DAYNA PINKHAM knows a thing or two about form, whether in the structure of a double helix or a debonair fedora. She was, after all, an aspiring biochemist when she met famed milliner John Eaton in 1982 and stumbled upon her calling. Within six weeks she had traded in her textbooks for hat blocks and become his private apprentice. More than 20 years later, Pinkham’s mastery of the old-world art of hat-making is on display in her downtown boutique, Pinkham Millinery. Her elegant, hand-stitched hats have recently appeared in the pages of Italian Vogue, on the shelves at Barney’s New York, and on the heads of such celebrities as Serena Williams.

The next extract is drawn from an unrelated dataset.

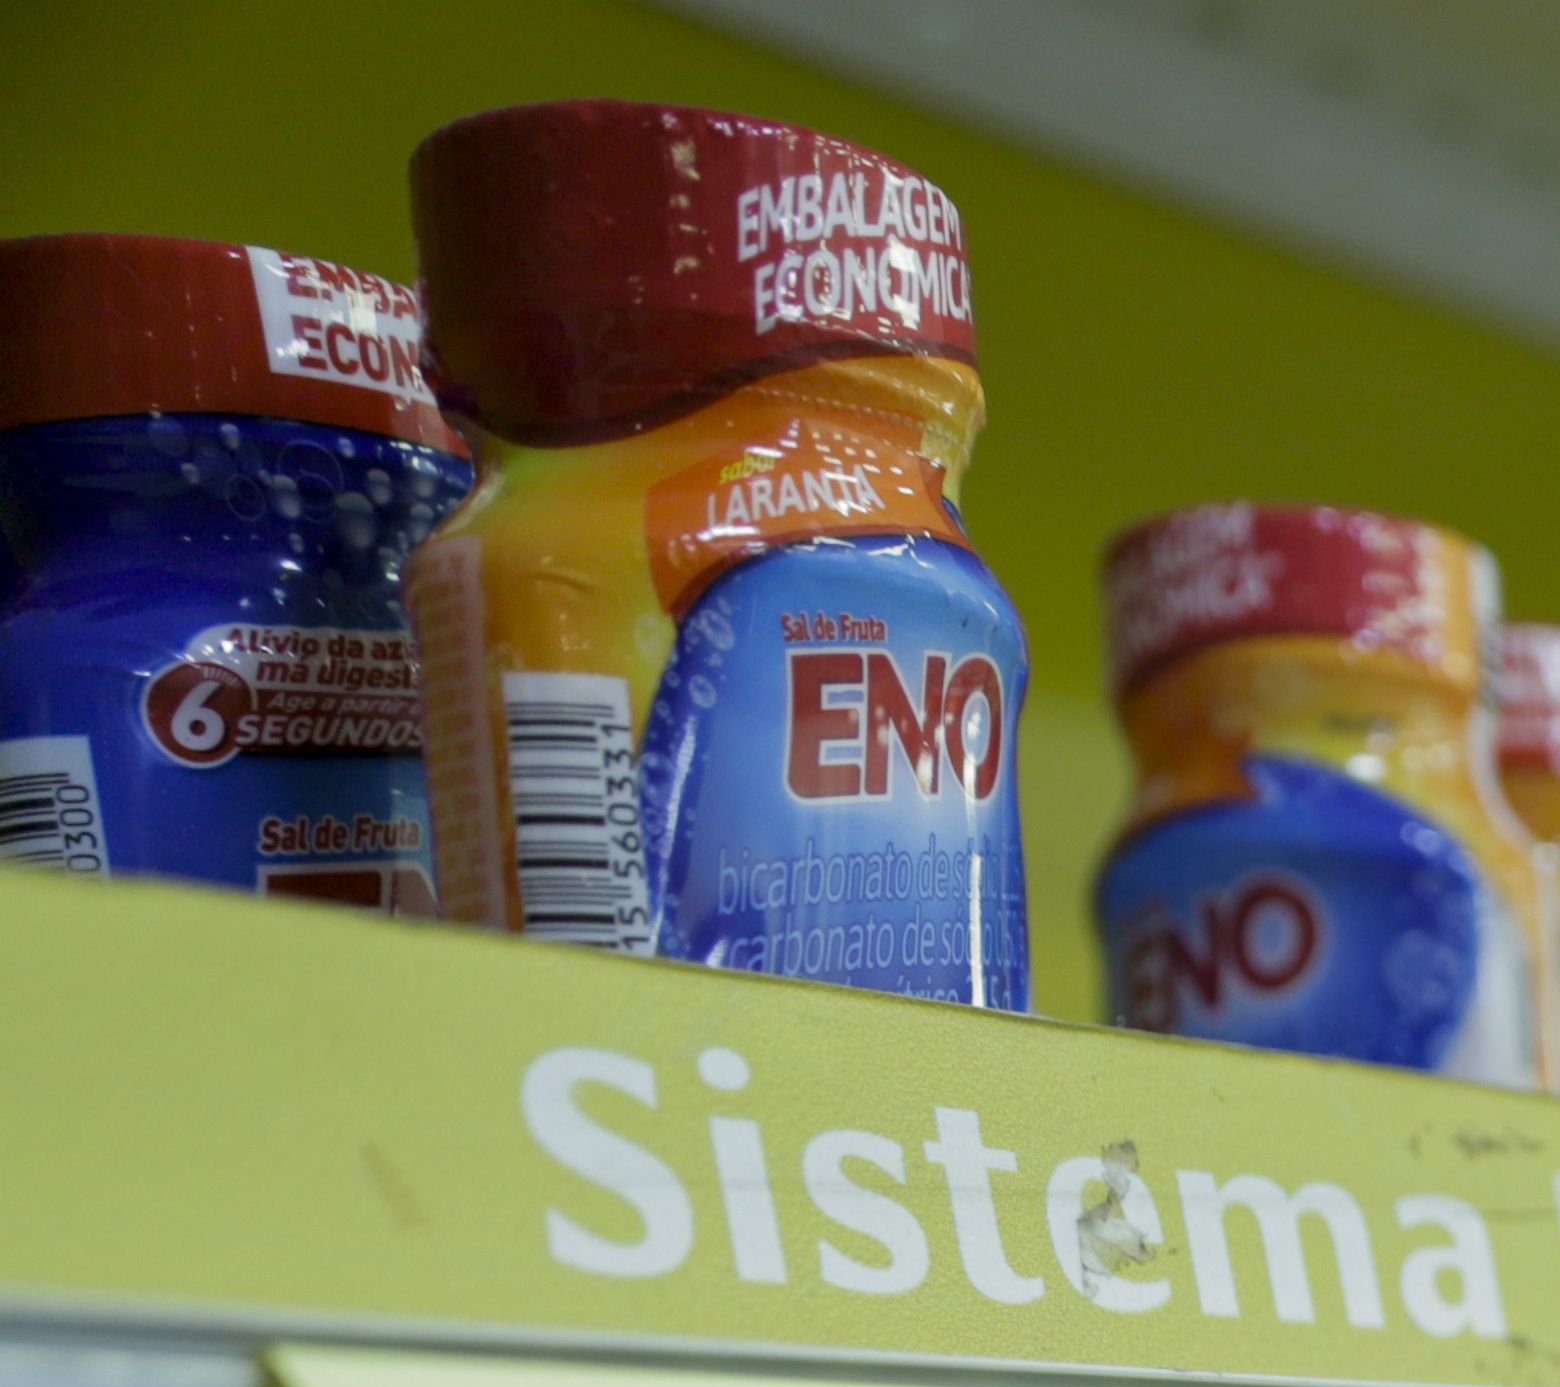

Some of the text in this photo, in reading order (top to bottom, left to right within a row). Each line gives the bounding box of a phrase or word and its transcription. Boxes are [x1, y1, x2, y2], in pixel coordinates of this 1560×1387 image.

Pinkham developed her keen eye for graceful silhouettes by re-creating hats pictured in old books and W magazine. Her years of careful study are evident today in her clean designs and their vintage élan: wide brims that dip with an air of mystery, coy cloches, and sculptural pieces of her own invention. “In the department stores, we’ve only seen the same six styles for the last 30 years,” she says. “Unless you go to a milliner, you don’t get a chance to try on other shapes.”
This spring, Pinkham welcomes wedding season—and her 10th year in business—with a collection of lightweight pieces made of breathable sea grass, raffia, and parasisal. Designs meant to flatten easily in suitcases offer proof that sometimes the best kind of form can be as unstructured as a lazy summer day.